WHAT YOU HAVE TO DO:
Set every entry below down once more, exactly as it stands, without images.

EXERCISE DATA:
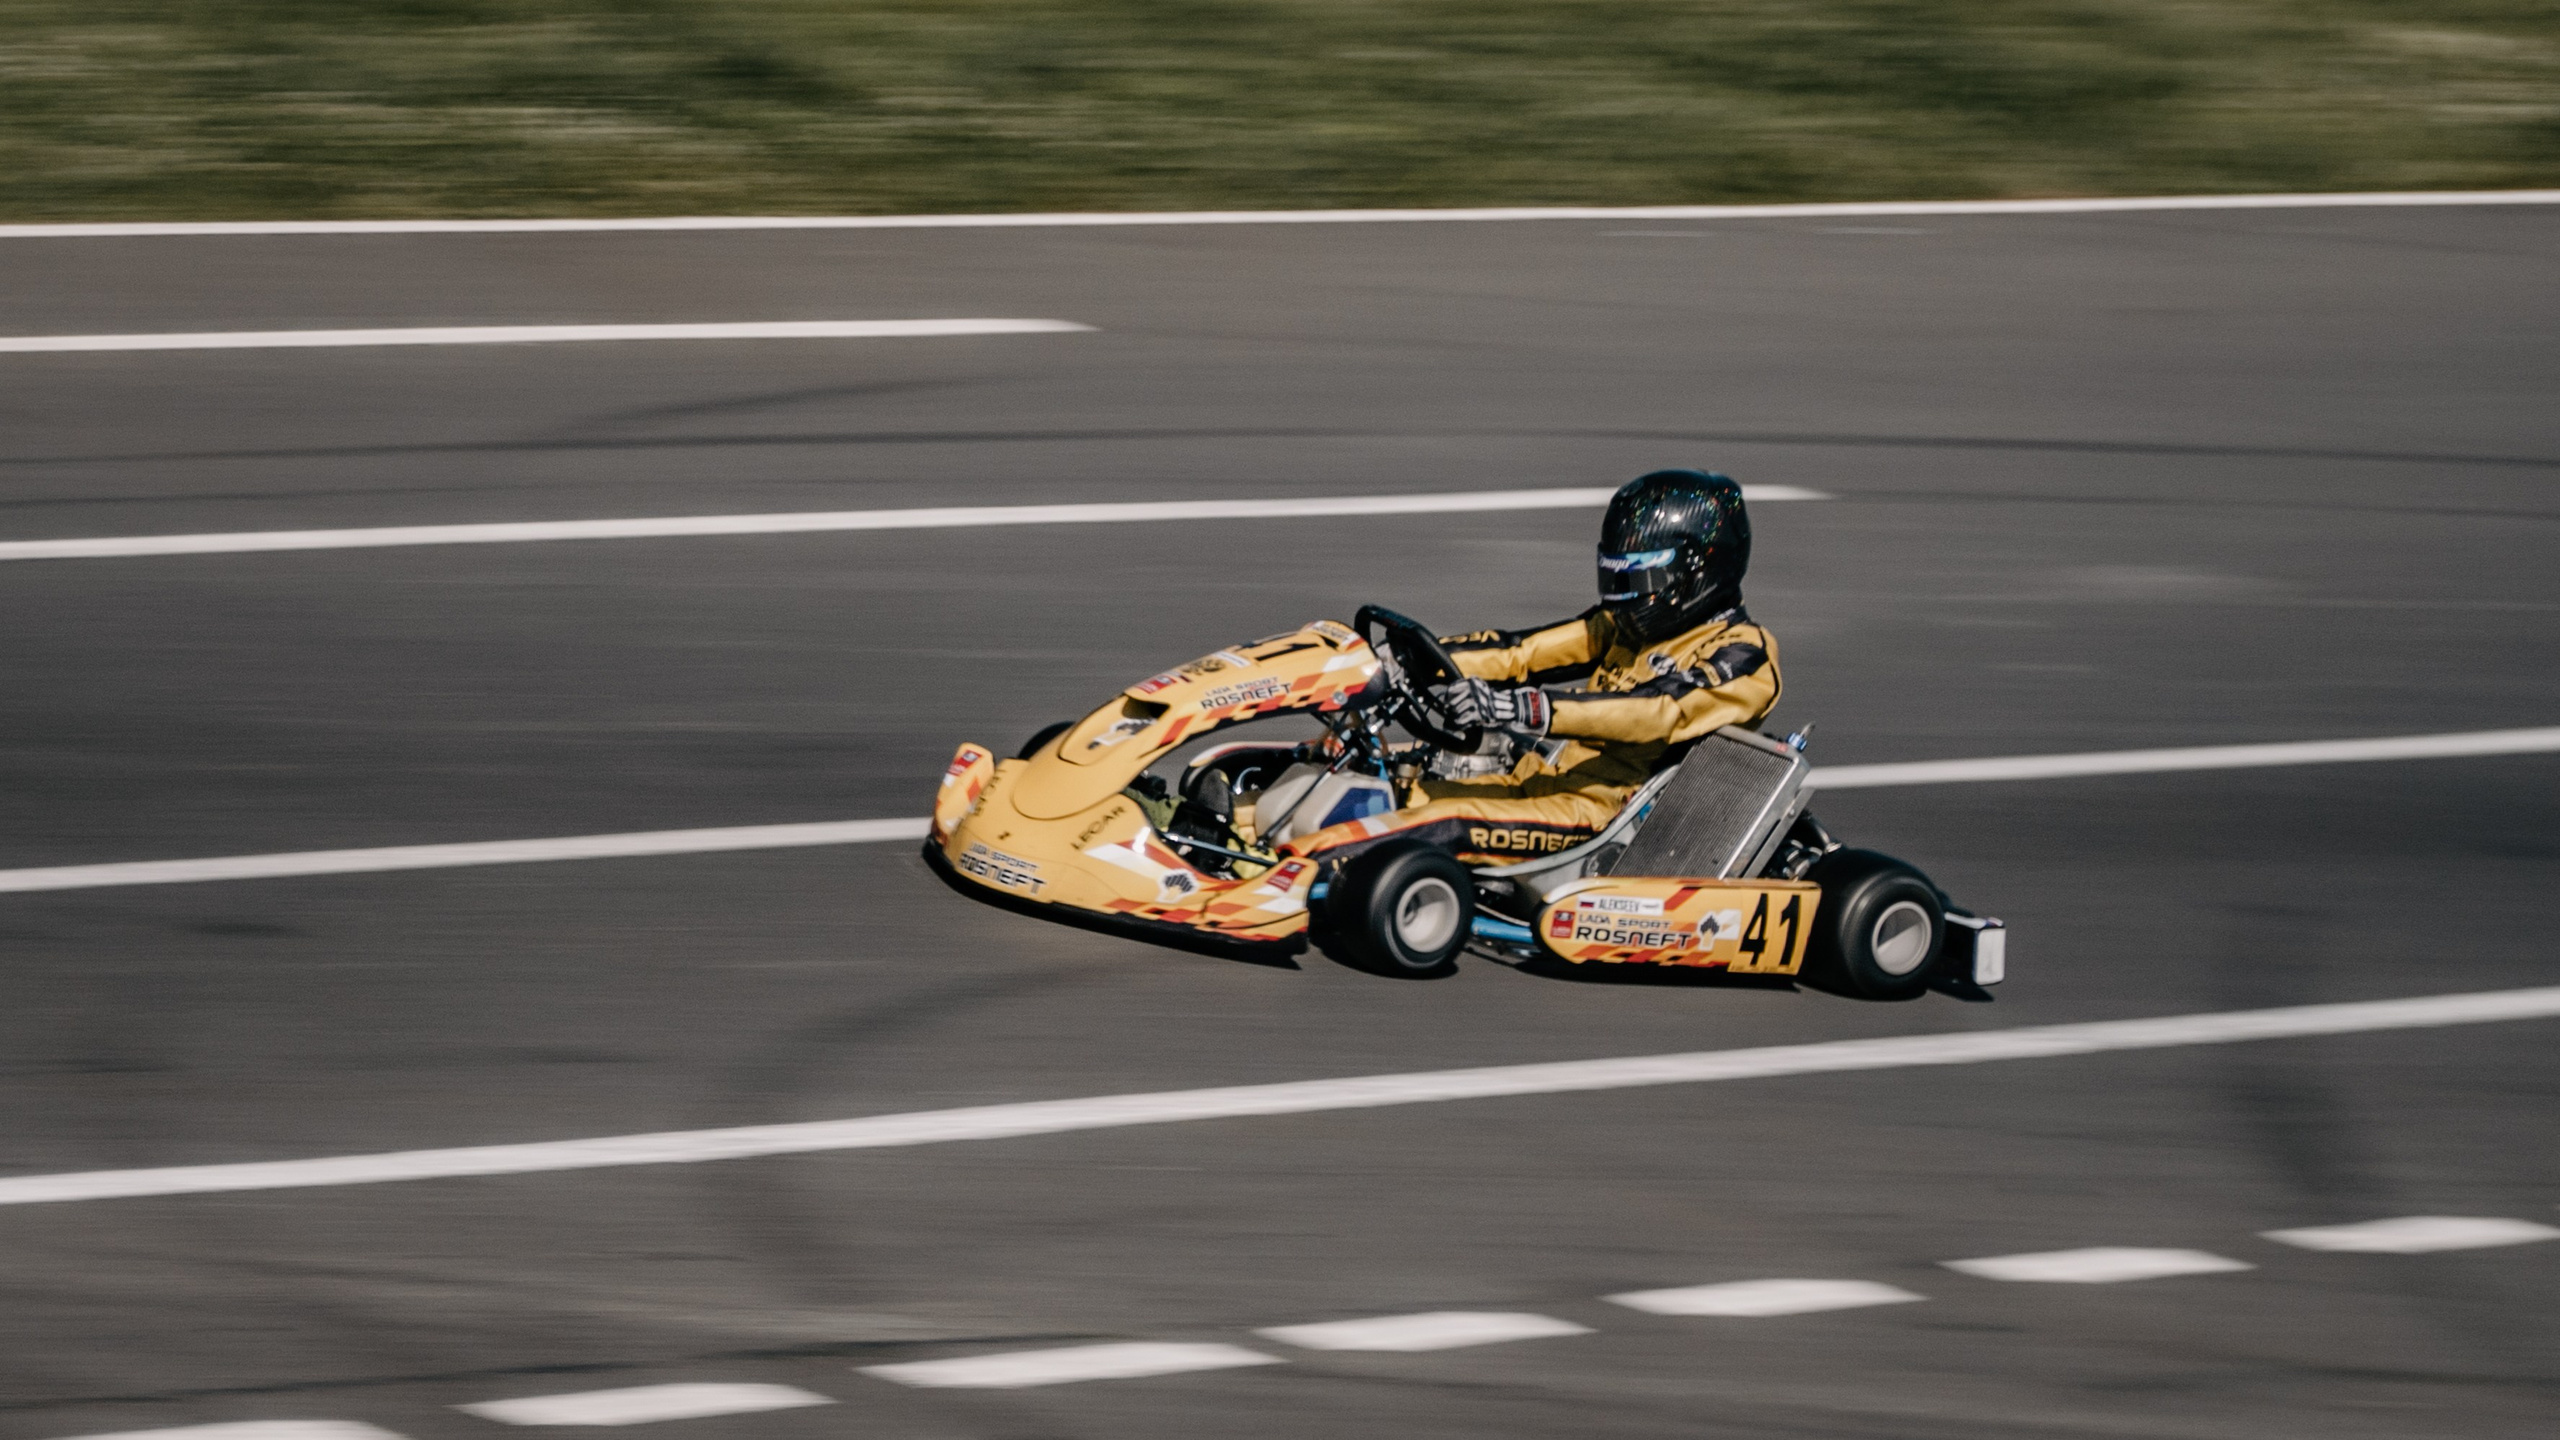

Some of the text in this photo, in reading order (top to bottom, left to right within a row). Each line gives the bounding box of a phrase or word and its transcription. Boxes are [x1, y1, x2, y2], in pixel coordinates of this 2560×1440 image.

[1201, 683, 1292, 710] ROSNEFT
[1206, 676, 1279, 697] LADA SPORT
[1579, 914, 1672, 929] LADA SPORT
[1739, 893, 1800, 966] 41
[1575, 926, 1693, 948] ROSNEFT
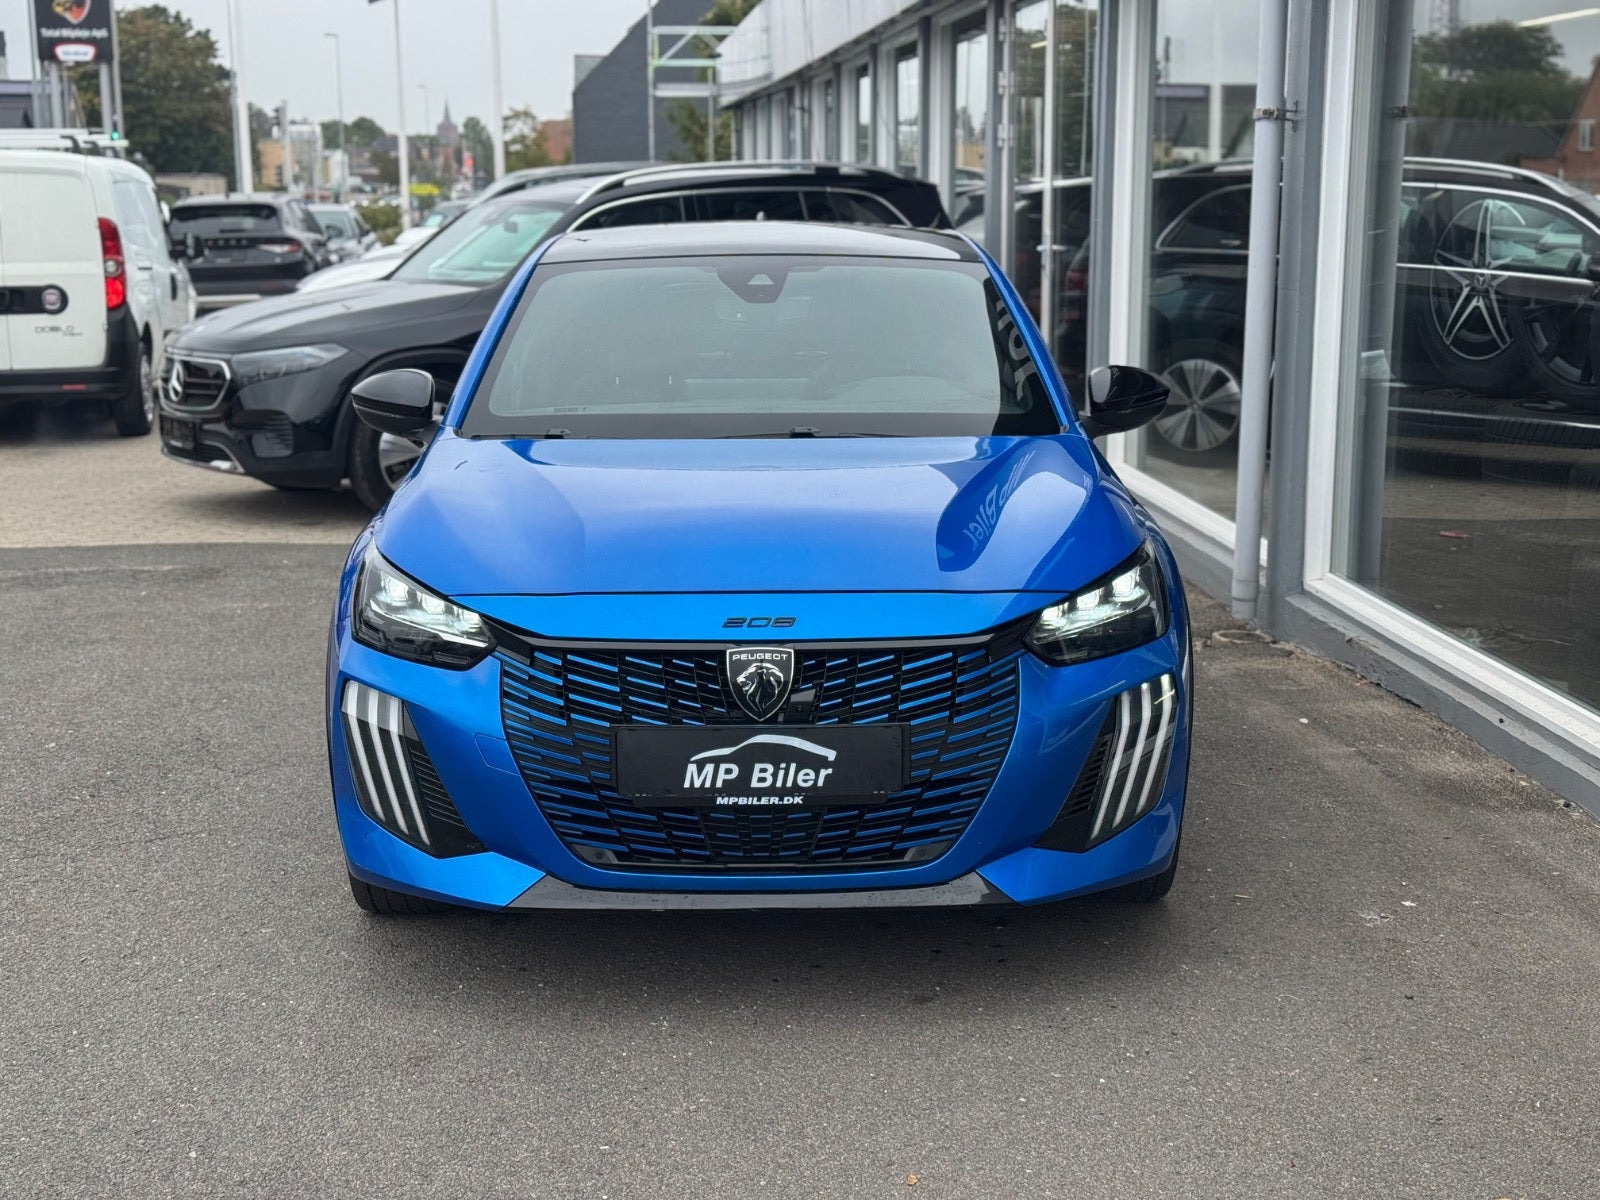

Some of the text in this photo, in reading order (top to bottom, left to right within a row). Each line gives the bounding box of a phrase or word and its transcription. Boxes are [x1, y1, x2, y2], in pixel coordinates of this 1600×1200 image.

[40, 27, 60, 38] Total
[722, 616, 796, 628] 208
[732, 653, 788, 661] PEUGEOT
[683, 763, 833, 788] MP Biler
[716, 795, 804, 805] MPBILER.DK
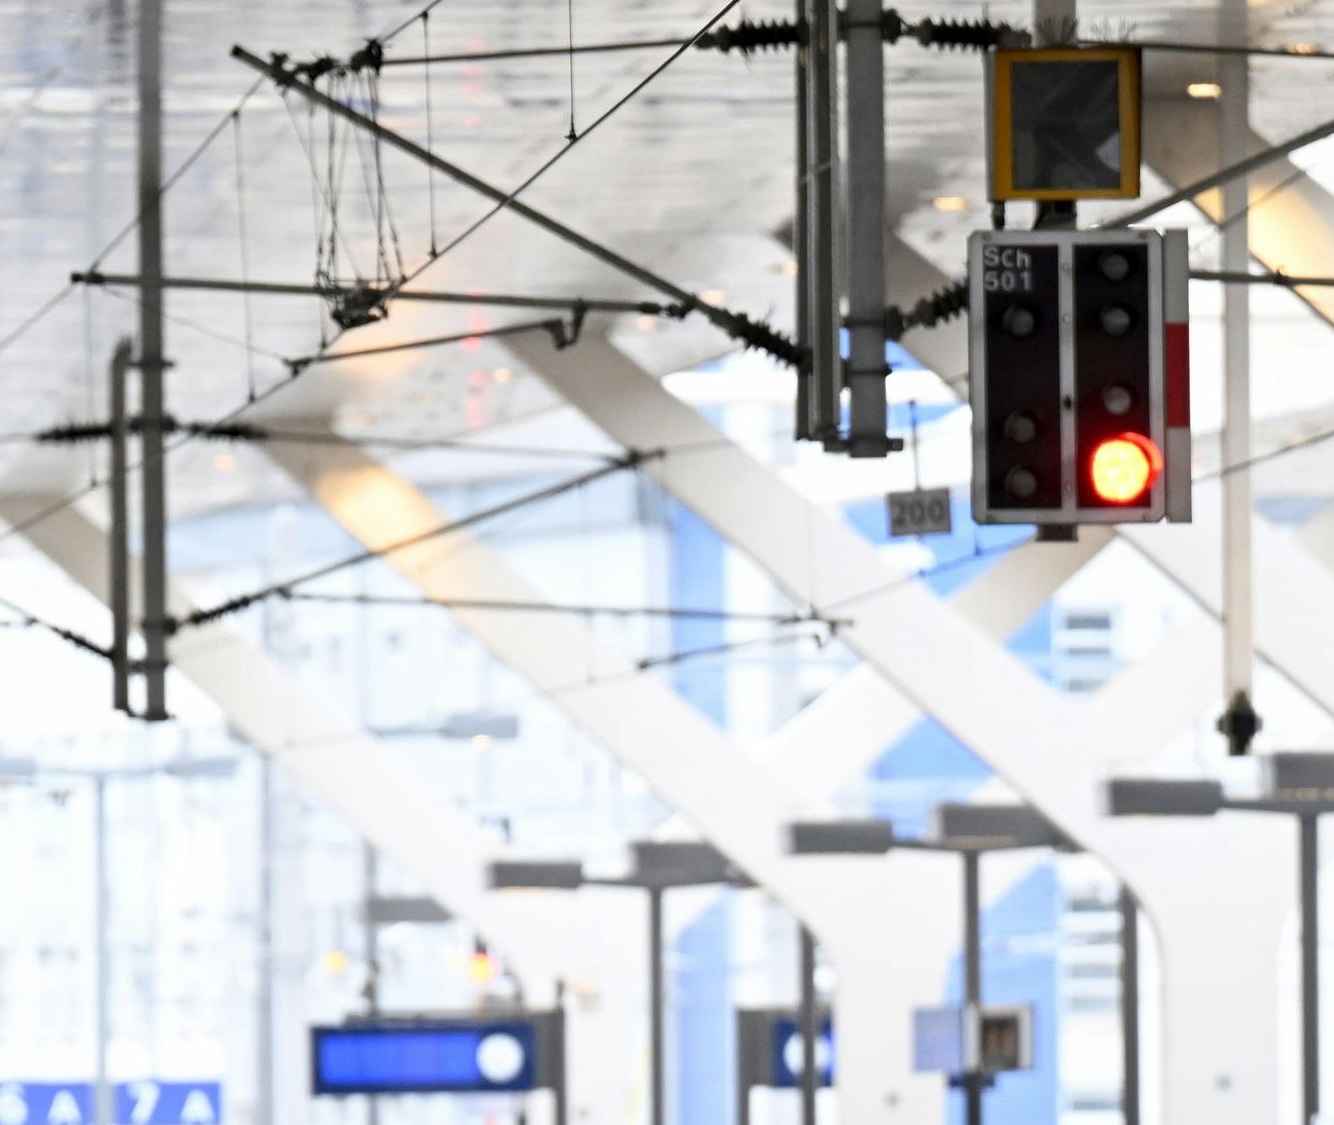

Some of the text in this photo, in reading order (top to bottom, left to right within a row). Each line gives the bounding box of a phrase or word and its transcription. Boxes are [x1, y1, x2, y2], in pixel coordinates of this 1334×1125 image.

[984, 270, 1031, 292] 501
[893, 497, 945, 527] 200
[47, 1090, 82, 1125] A
[127, 1080, 215, 1125] 7 A

WRITTEN ANSWER:
Some of the text in this photo, in reading order (top to bottom, left to right within a row). Each line gives the bounding box of a phrase or word and its transcription. Boxes are [x1, y1, x2, y2], in pixel coordinates of this 2560×1440 image.

[1201, 683, 1292, 710] ROSNEFT
[1206, 676, 1279, 697] LADA SPORT
[1579, 914, 1672, 929] LADA SPORT
[1739, 893, 1800, 966] 41
[1575, 926, 1693, 948] ROSNEFT

Some of the text in this photo, in reading order (top to bottom, left to right within a row). Each line gives the bounding box of a phrase or word and its transcription. Boxes are [x1, y1, x2, y2], in pixel coordinates of this 1600×1200 image.

[40, 27, 60, 38] Total
[722, 616, 796, 628] 208
[732, 653, 788, 661] PEUGEOT
[683, 763, 833, 788] MP Biler
[716, 795, 804, 805] MPBILER.DK

Some of the text in this photo, in reading order (top to bottom, left to right within a row). Each line gives the bounding box of a phrase or word and its transcription. Boxes are [x1, y1, x2, y2], in pixel coordinates of this 1334×1125 image.

[984, 270, 1031, 292] 501
[893, 497, 945, 527] 200
[47, 1090, 82, 1125] A
[127, 1080, 215, 1125] 7 A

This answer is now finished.